Monde arabe – Le cinéma contre l’oubli et la violence

Festival Aflam

Orientxxi.info – Rarement, les populations du Maghreb et du Proche-Orient ont autant vécu de souffrances, entre dictatures, sécheresses et famines, violences et guerres, appauvrissement généralisé et désespoir, exodes et exils… Mais au milieu de cette désolation, portées par des générations de jeunes et moins jeunes artistes vivants ou disparus, des paroles et des images libres s’élèvent, parmi lesquelles un cinéma doté d’un imaginaire puissant, d’un regard lucide sur les réalités sociales et que l’édition 2023 du festival du cinéma arabe Aflam a présenté au public en mars.
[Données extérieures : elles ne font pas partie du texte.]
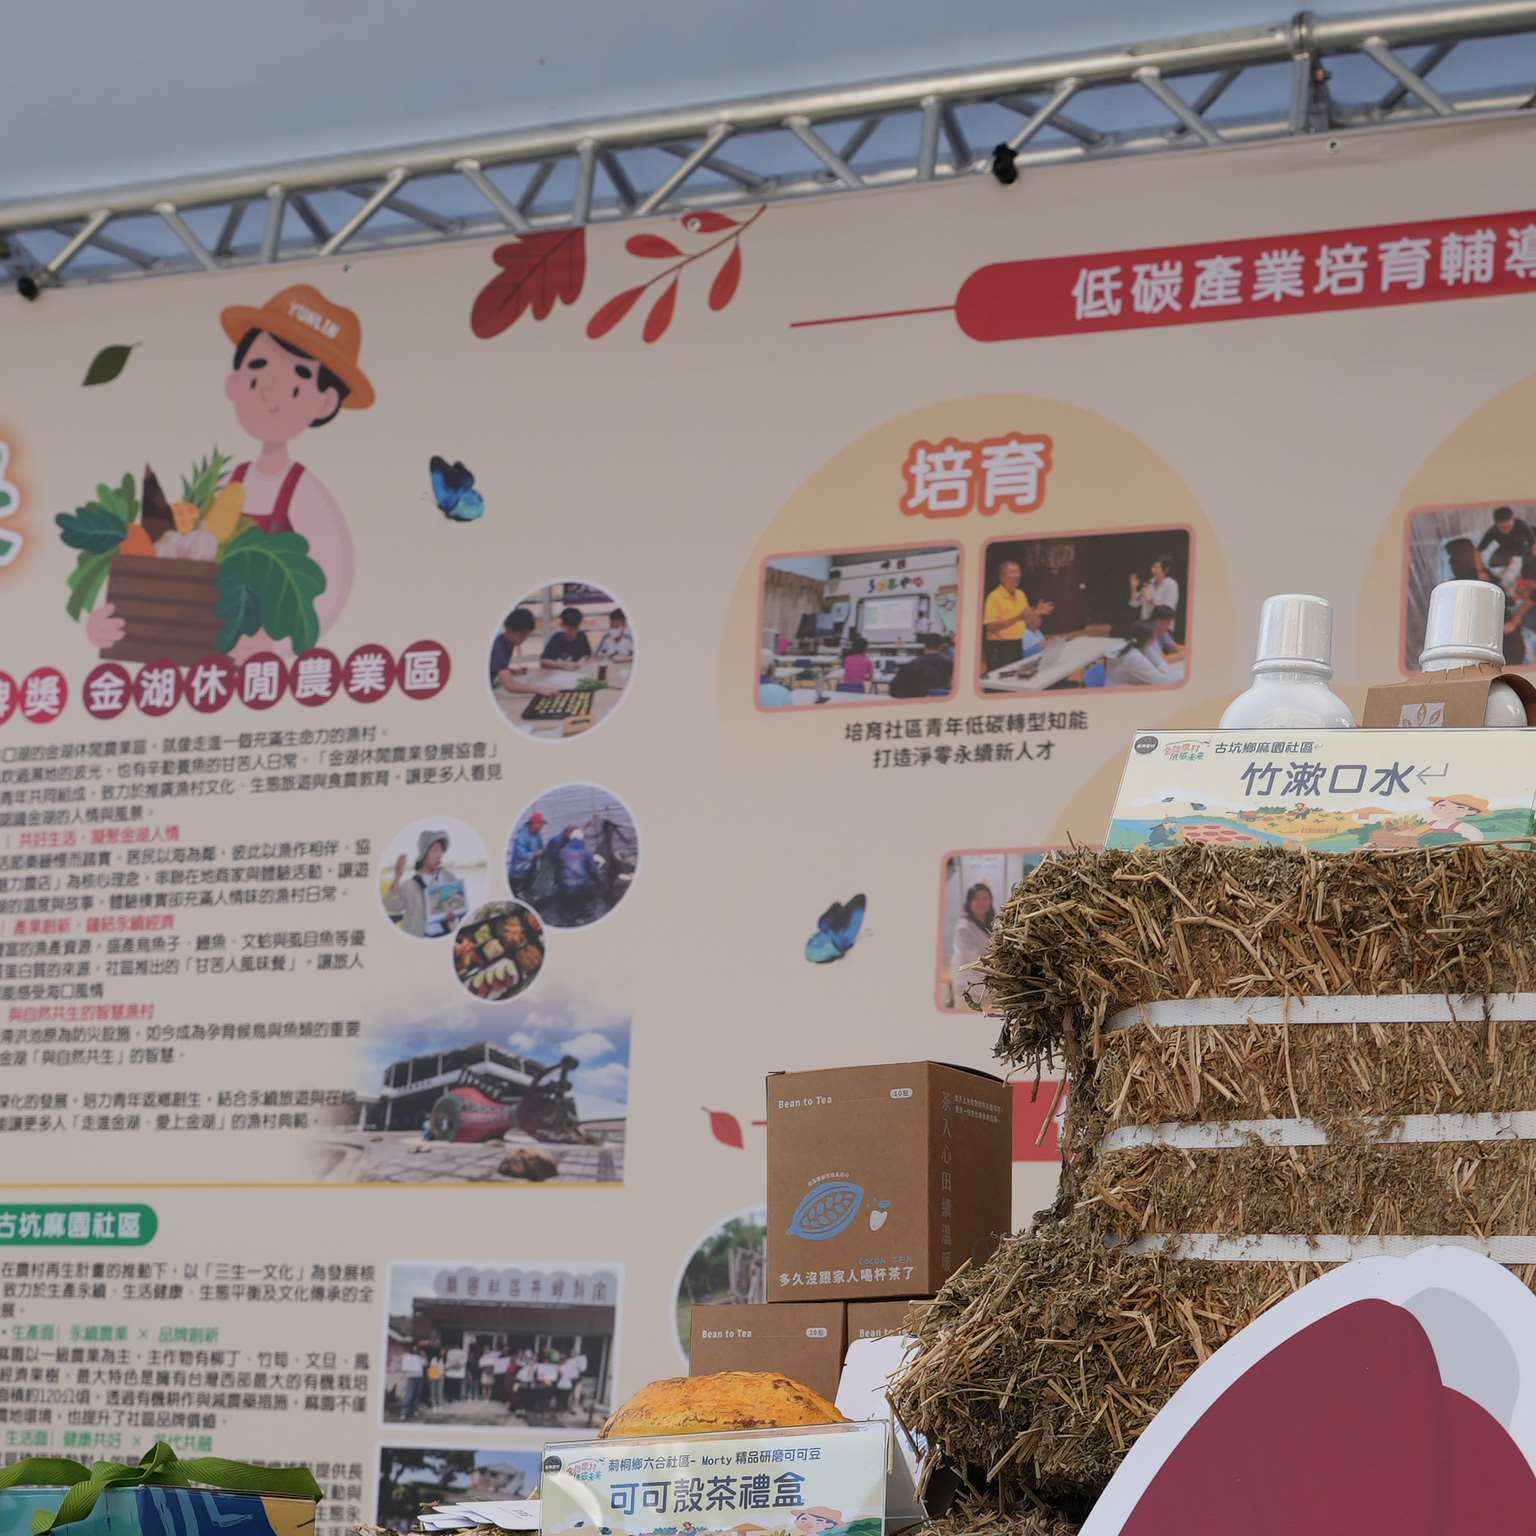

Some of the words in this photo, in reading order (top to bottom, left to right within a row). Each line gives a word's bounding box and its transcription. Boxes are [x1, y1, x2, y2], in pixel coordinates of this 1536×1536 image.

[910, 439, 1049, 511] 培育
[89, 649, 447, 713] 金湖休閒農業區
[845, 711, 1088, 741] 培育社區青年低碳轉型知能
[873, 741, 1055, 768] 打造淨零永續新人才
[1215, 741, 1314, 753] 古坑鄉麻園社區
[1241, 762, 1414, 797] 竹漱口水
[779, 1098, 800, 1108] Bean
[803, 1097, 813, 1106] to
[816, 1096, 832, 1105] Tea
[778, 1266, 914, 1287] 多久沒跟家人喝杯茶了
[702, 1329, 723, 1338] Bean
[726, 1329, 734, 1338] to
[737, 1329, 752, 1338] Tea
[859, 1328, 882, 1338] Bean
[702, 1455, 732, 1467] Morty
[735, 1447, 823, 1464] 精品研磨可可豆
[610, 1471, 805, 1515] 可可殼茶禮盒
Célébrant à Marseille son dixième anniversaire, le festival Aflam a tenu cette année à « répondre à la nécessité de mettre de la lumière sur une créativité en ébullition depuis les soulèvements populaires qui avaient remué le Maghreb et le Moyen-Orient à partir de 2011 ». Depuis leur création, ces journées de rencontres internationales (sans jury ni prix) ont réuni des milliers de spectateurs et montré plus de 600 films, une initiative qui démontre qu’il est « possible de parler à voix haute », même de façon modeste, selon les organisateurs, dans un monde où la liberté d’expression se raréfie.
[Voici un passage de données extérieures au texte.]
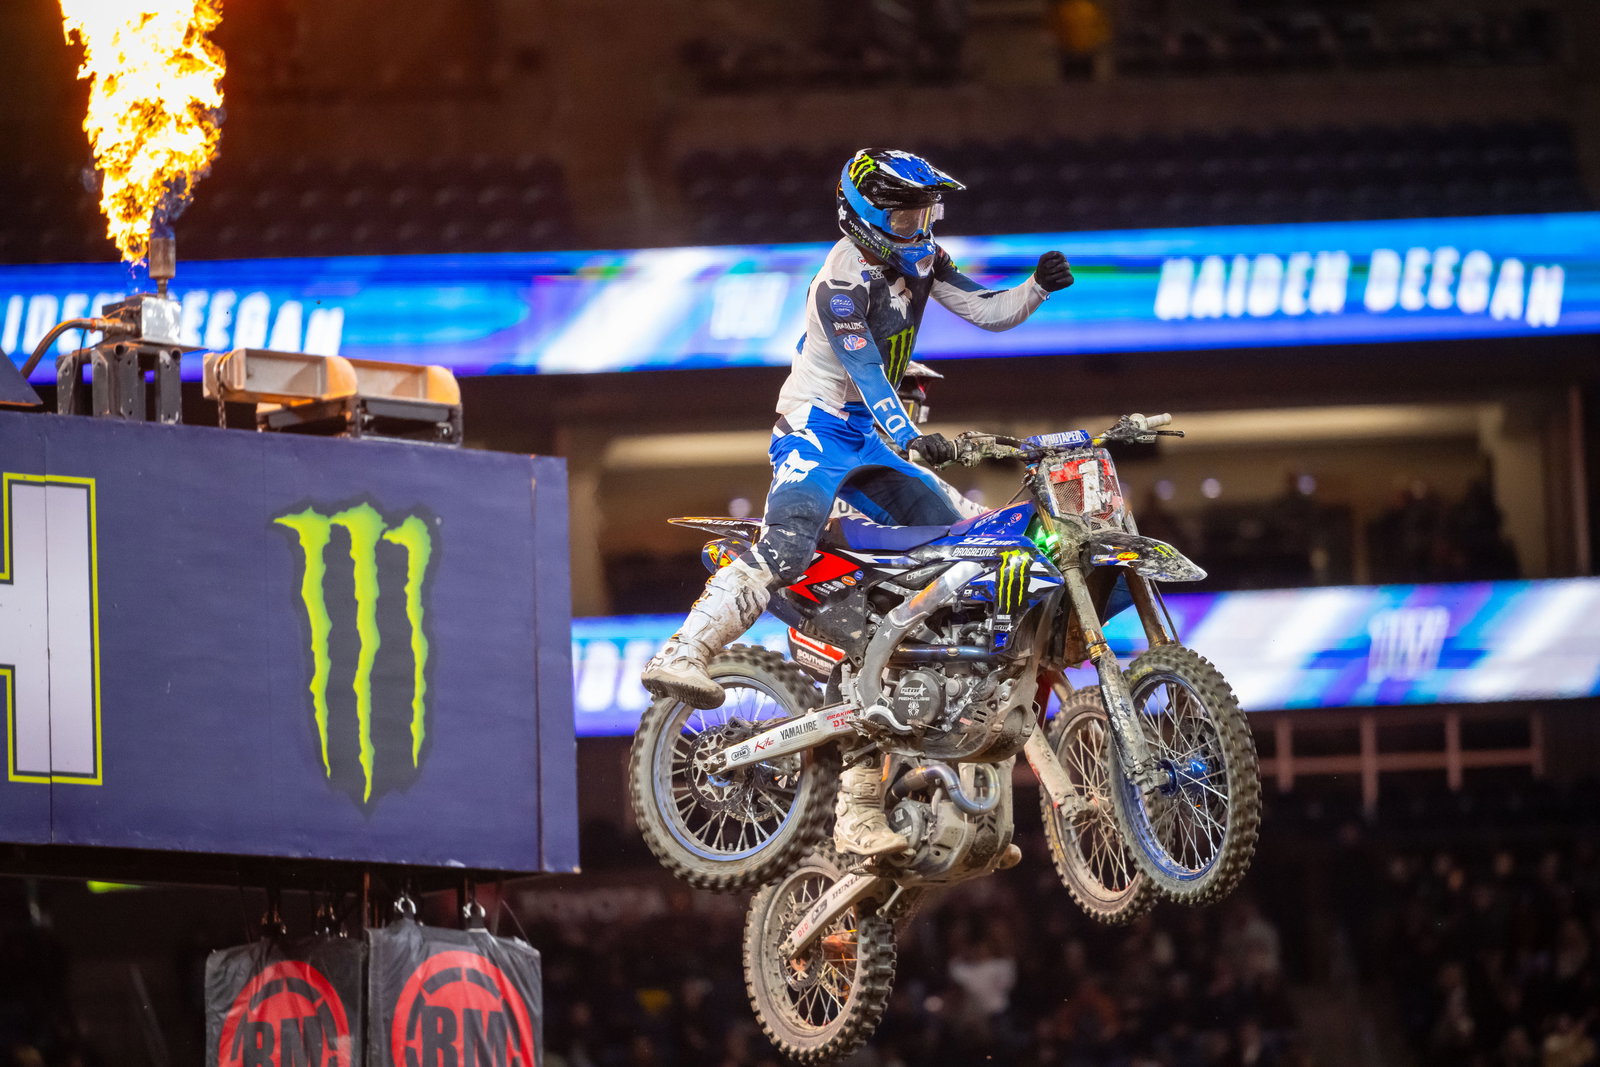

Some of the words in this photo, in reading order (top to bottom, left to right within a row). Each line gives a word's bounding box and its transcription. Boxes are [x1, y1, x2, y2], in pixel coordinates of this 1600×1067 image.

Aflam s’est tenu cette année du 17 au 28 mars 2023 et a projeté une cinquantaine de films, de la fiction à l’essai cinématographique, venant d’une douzaine de pays arabes.

Omar Amiralay, documentariste interdit

 

Cette édition 2023 a également mis à l’honneur, avec une rétrospective d’une partie de ses films, le cinéaste syrien Omar Amiralay (1944-2011). Figure incontournable du cinéma arabe, son œuvre fort originale est surtout connue pour des films tels que Déluge au pays du Baas, Les poules et La vie quotidienne dans un village syrien. Interdit en Syrie, son cinéma est, malgré son caractère documentaire, formellement audacieux et protéiforme, puisant sa force dans l’imaginaire de l’auteur, et continue d’exercer une influence sur les nouvelles générations de cinéastes arabes.

Pour preuve de la diversité des documentaires d’Omar Amiralay combinant lucidité et ironie mordante, on peut citer L’homme aux semelles d’or (clin d’œil à L’Homme aux colts d’or, classique du western ?), qui met en scène la rencontre du milliardaire Rafic Hariri, premier ministre et entrepreneur libanais assassiné en 2005, avec le cinéaste, intellectuel de gauche. Omar Amiralay est visiblement fasciné par le charisme de l’homme qui a voulu à sa façon reconstruire Beyrouth dévastée par quinze ans de guerre civile. Ce film a valu injustement à son auteur des critiques de la gauche.

À l’inverse, Par un jour de violence ordinaire, mon ami Michel Seurat est un documentaire sombre qui interroge les proches de l’intellectuel français né à Tunis et décédé dans les geôles du Hezbollah — ce que le Parti de Dieu n’a jamais reconnu. Dans ce portrait posthume de son ami intime, le cinéaste a reconstitué dans des images fortes, douloureuses, et dénuées de sa proverbiale ironie le lieu de détention de l’otage et de ses compagnons ainsi que les silhouettes anonymes de leurs veilleurs. Certains décors font penser au Procès d’Orson Welles (1962) et à sa symbolique de l’homme écrasé par l’inhumain.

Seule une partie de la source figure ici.